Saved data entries
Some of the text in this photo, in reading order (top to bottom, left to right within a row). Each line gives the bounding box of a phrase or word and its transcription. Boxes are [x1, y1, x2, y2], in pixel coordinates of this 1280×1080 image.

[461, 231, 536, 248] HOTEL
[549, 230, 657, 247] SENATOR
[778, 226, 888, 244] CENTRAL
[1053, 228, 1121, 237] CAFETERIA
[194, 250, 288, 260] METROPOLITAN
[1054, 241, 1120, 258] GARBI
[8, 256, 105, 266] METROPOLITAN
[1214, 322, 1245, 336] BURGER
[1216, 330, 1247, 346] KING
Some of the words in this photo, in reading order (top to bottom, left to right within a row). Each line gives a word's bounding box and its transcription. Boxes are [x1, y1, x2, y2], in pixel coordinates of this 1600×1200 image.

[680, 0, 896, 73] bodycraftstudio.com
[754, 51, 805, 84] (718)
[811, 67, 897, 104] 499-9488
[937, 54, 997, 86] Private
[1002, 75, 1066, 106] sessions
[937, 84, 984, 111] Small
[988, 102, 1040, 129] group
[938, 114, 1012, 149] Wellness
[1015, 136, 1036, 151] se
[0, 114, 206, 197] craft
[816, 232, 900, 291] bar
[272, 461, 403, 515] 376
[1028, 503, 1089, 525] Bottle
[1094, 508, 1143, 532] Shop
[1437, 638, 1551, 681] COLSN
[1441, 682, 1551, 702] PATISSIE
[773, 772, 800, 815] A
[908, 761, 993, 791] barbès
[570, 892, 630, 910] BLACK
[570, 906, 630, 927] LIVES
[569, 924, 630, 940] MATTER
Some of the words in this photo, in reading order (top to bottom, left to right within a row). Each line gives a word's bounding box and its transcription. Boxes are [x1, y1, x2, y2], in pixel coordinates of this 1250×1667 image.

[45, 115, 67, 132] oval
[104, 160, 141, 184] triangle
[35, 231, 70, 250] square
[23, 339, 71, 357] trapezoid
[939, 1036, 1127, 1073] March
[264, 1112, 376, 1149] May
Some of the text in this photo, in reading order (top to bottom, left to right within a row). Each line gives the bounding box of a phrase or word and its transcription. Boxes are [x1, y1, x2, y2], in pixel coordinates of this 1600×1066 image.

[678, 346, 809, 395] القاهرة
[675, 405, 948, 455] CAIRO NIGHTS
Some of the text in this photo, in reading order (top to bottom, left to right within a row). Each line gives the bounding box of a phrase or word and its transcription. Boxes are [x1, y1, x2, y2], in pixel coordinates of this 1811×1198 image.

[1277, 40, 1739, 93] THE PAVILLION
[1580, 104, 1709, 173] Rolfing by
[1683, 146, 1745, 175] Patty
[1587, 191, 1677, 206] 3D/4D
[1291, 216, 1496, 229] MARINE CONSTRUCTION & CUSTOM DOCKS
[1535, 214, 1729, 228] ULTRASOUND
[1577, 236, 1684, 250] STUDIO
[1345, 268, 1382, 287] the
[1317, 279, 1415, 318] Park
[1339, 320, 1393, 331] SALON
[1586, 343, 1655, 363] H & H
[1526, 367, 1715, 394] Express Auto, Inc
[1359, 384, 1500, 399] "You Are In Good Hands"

_PROBLEM REQUIREMENTS_:
Each line of the records should be transcribed without change.

_TASK RESPONSE_:
Some of the text in this photo, in reading order (top to bottom, left to right within a row). Each line gives the bounding box of a phrase or word and its transcription. Boxes are [x1, y1, x2, y2], in pixel coordinates of this 1280×1080 image.

[461, 231, 536, 248] HOTEL
[549, 230, 657, 247] SENATOR
[778, 226, 888, 244] CENTRAL
[1053, 228, 1121, 237] CAFETERIA
[194, 250, 288, 260] METROPOLITAN
[1054, 241, 1120, 258] GARBI
[8, 256, 105, 266] METROPOLITAN
[1214, 322, 1245, 336] BURGER
[1216, 330, 1247, 346] KING
Some of the words in this photo, in reading order (top to bottom, left to right within a row). Each line gives a word's bounding box and its transcription. Boxes are [x1, y1, x2, y2], in pixel coordinates of this 1600×1200 image.

[680, 0, 896, 73] bodycraftstudio.com
[754, 51, 805, 84] (718)
[811, 67, 897, 104] 499-9488
[937, 54, 997, 86] Private
[1002, 75, 1066, 106] sessions
[937, 84, 984, 111] Small
[988, 102, 1040, 129] group
[938, 114, 1012, 149] Wellness
[1015, 136, 1036, 151] se
[0, 114, 206, 197] craft
[816, 232, 900, 291] bar
[272, 461, 403, 515] 376
[1028, 503, 1089, 525] Bottle
[1094, 508, 1143, 532] Shop
[1437, 638, 1551, 681] COLSN
[1441, 682, 1551, 702] PATISSIE
[773, 772, 800, 815] A
[908, 761, 993, 791] barbès
[570, 892, 630, 910] BLACK
[570, 906, 630, 927] LIVES
[569, 924, 630, 940] MATTER
Some of the words in this photo, in reading order (top to bottom, left to right within a row). Each line gives a word's bounding box and its transcription. Boxes are [x1, y1, x2, y2], in pixel coordinates of this 1250×1667 image.

[45, 115, 67, 132] oval
[104, 160, 141, 184] triangle
[35, 231, 70, 250] square
[23, 339, 71, 357] trapezoid
[939, 1036, 1127, 1073] March
[264, 1112, 376, 1149] May
Some of the text in this photo, in reading order (top to bottom, left to right within a row). Each line gives the bounding box of a phrase or word and its transcription. Boxes are [x1, y1, x2, y2], in pixel coordinates of this 1600×1066 image.

[678, 346, 809, 395] القاهرة
[675, 405, 948, 455] CAIRO NIGHTS
Some of the text in this photo, in reading order (top to bottom, left to right within a row). Each line gives the bounding box of a phrase or word and its transcription. Boxes are [x1, y1, x2, y2], in pixel coordinates of this 1811×1198 image.

[1277, 40, 1739, 93] THE PAVILLION
[1580, 104, 1709, 173] Rolfing by
[1683, 146, 1745, 175] Patty
[1587, 191, 1677, 206] 3D/4D
[1291, 216, 1496, 229] MARINE CONSTRUCTION & CUSTOM DOCKS
[1535, 214, 1729, 228] ULTRASOUND
[1577, 236, 1684, 250] STUDIO
[1345, 268, 1382, 287] the
[1317, 279, 1415, 318] Park
[1339, 320, 1393, 331] SALON
[1586, 343, 1655, 363] H & H
[1526, 367, 1715, 394] Express Auto, Inc
[1359, 384, 1500, 399] "You Are In Good Hands"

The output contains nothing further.